Home  >  Magazine  >  Issue 10 : Sep 2006  > Columns  >  Hyakumeizan: Climbing Japan's 100 Famous Mountains  >  #45 & 46 Kuro-dake and Washiba-dake


Hyakumeizan: Climbing Japan's 100 Famous Mountains

By Ginger Vaughn

#45 & 46 Kuro-dake and Washiba-dake


Although I have been known to be an ame-onna, a woman whose presence seems to bring rain, this time around the gods were taking care of me. Not a cloud in sight, but the chill at nearly 3,000 meters had encouraged me to put on all my layers including rainwear.

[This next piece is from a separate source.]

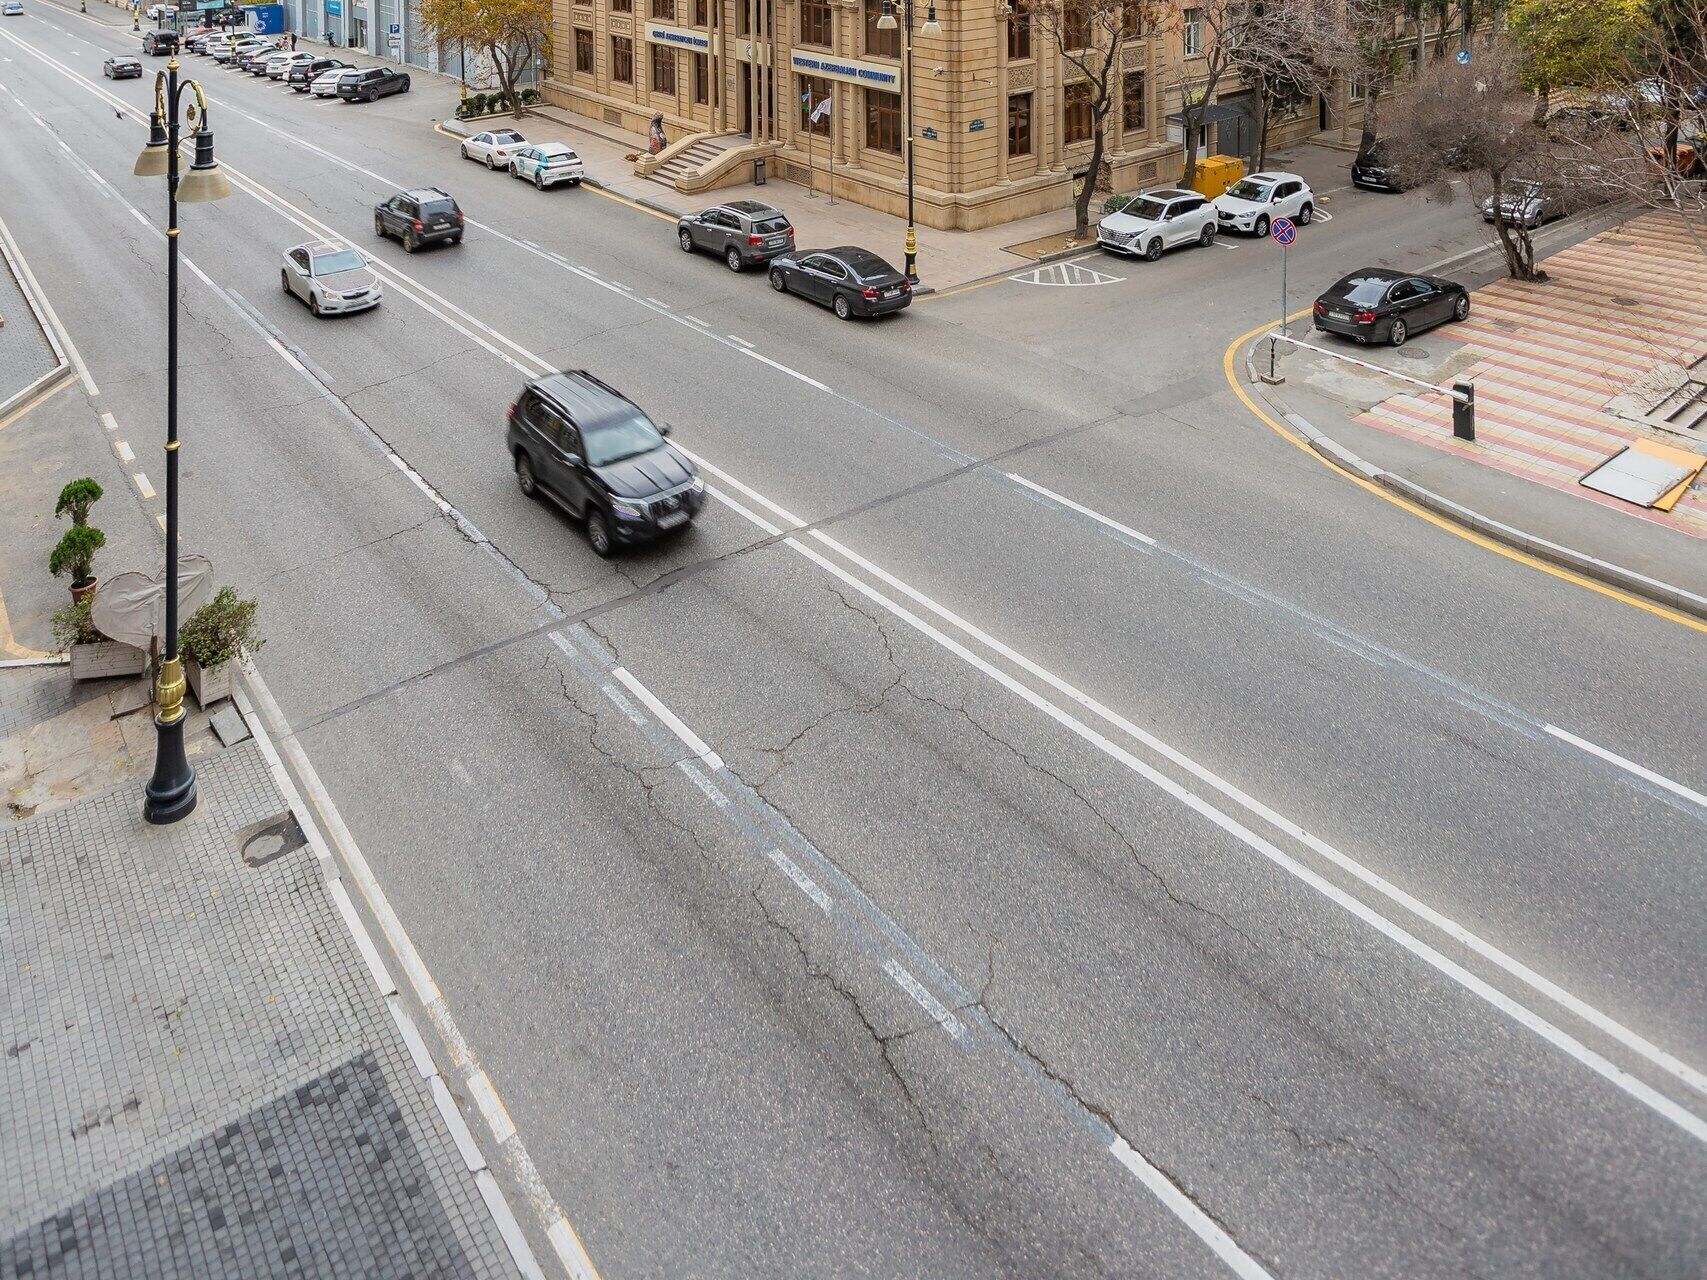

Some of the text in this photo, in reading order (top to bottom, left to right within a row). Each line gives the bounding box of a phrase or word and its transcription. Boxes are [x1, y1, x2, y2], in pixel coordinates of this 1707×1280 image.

Ginger on the peak of Washiba-dake with the surrounding views of the North Alps.

Three days before, it had snowed in the Alps, and the raicho, what we southerners call the snow chicken (ptarmigan), were gearing up with their white coats. It was enough for me to forego my tent and spend my evenings eating home-cooked meals in cozy mountain huts along the way.
As I reached the top of Suisho-dake, the local name for what the map calls Kuro-dake, I let out a sigh of relief. I was near the end of my 12-day hike in the North Alps and I could see Kasaga-dake in the distance, the last peak I had planned on climbing in the area.

Trail Tips: A four-day hike can be physically demanding, so pay attention to your body’s needs and take breaks often. Lighten your pack load by staying in huts and taking meals there as well; you won’t have to bring as much gear and food.

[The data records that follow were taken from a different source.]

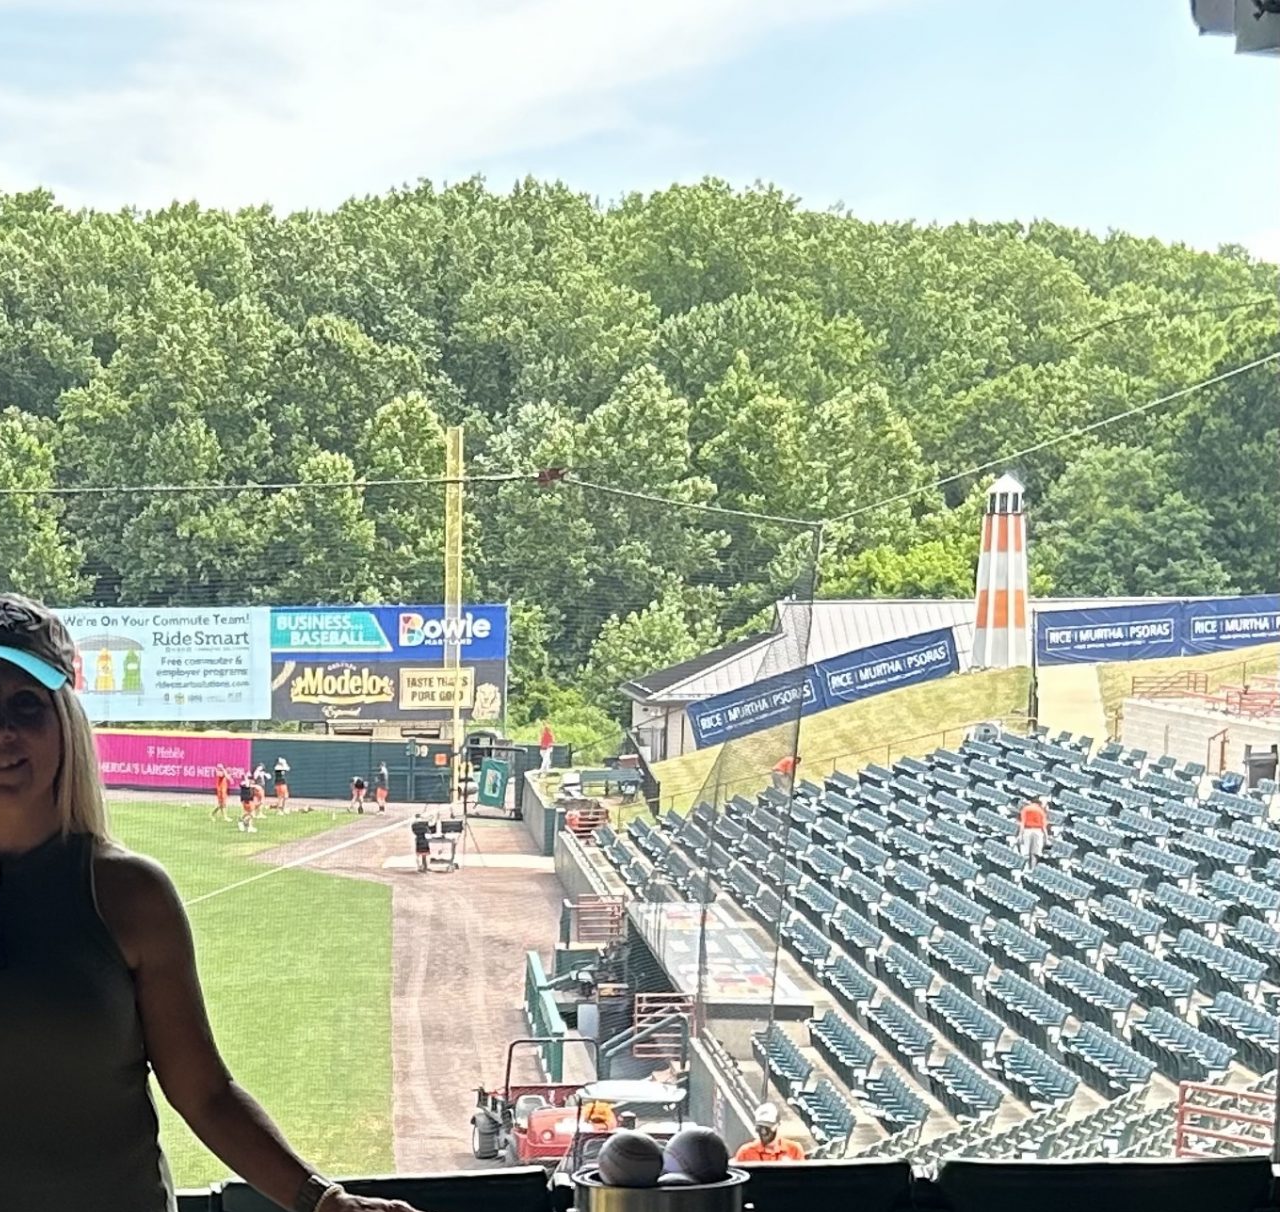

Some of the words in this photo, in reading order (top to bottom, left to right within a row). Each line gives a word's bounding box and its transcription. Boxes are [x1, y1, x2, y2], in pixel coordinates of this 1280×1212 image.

[64, 615, 98, 627] We're
[101, 615, 119, 627] On
[120, 615, 150, 627] Your
[152, 614, 210, 627] Commute
[213, 614, 250, 625] Team!
[399, 612, 492, 646] Bowie
[1194, 619, 1217, 633] RICE
[1225, 615, 1269, 632] MURTHA
[1049, 631, 1071, 644] RICE
[1079, 628, 1124, 642] MURTHA
[1129, 623, 1170, 638] PSORAS
[161, 656, 183, 666] Free
[185, 656, 233, 666] commuter
[830, 670, 853, 690] RICE
[858, 661, 903, 682] MURTHA
[906, 645, 946, 669] PSORAS
[156, 667, 200, 679] employer
[203, 668, 249, 679] programs
[302, 667, 383, 696] Modelo
[406, 677, 434, 688] TASTE
[411, 690, 436, 702] PURE
[700, 713, 723, 731] RICE
[727, 698, 769, 723] MURTHA
[773, 684, 812, 708] PSORAS

The weather changes quickly in the mountains, so check the weather report posted in the hut or ask the staff for the latest information. Make sure you reserve a space in the hut in which you’re planning to stay at least a few days before your hike, as it gets unbelievably crowded in the summer months.

If you are not good with tight space, bring your tent but make sure you have an adequate rain fly and warm sleeping bag.


Mountain: Washiba-dake and Kuro-dake
Difficulty Level: 5 out of 5
Location: Nagano, North Alps
Peak: 2,924 meters and 2,986 meters
Duration: Four-day hike
When to go: June - Late October
How to get there: From Shinjuku take the JR express train to Shinano-Omachi Station (信濃大町), and from there take a taxi to Takase Dam(高瀬ダム), the entrance to the trailhead.

Getting There

Shinjuku ⇒ Shinano-Omachi Station ⇒ Takase Dam Trailhead
(3 hrs., 11 mins. ¥7,640) ⇒ (40 mins. ¥8,000)

Things to bring

Trail map, raingear, flashlight, map, camera, sunscreen, plenty of water, camera, gloves, sunglasses, warm hat, enough food to last five-to-six days, tent, rain fly, tarp, blanket, sleeping bag, extra batteries.

Contact Information

Omachi Tourist Information: (0261) 22-0420
Matsumoto Railways: (0263) 35-7400
Matsumoto Bus Service: (0263) 92-2511
Sui-sho Hut (水晶小屋): (0263) 31-2662
Eboshi Hut(烏帽子小屋): (0263) 22-4293
Sugoruoku Hut(双六小屋): (0577) 34-6268

Note: Hut stays are about ¥9,000 for one night stay and two meals; it is recommended to reserve ahead of time during the summer months.

Things not to miss:

Shin-Hotaka Onsen (新穂高温泉):Shin-Hotaka Onsen near Hotel Hotaka when exiting the trailhead offers nearly 50 quaint onsen pension and ryokan.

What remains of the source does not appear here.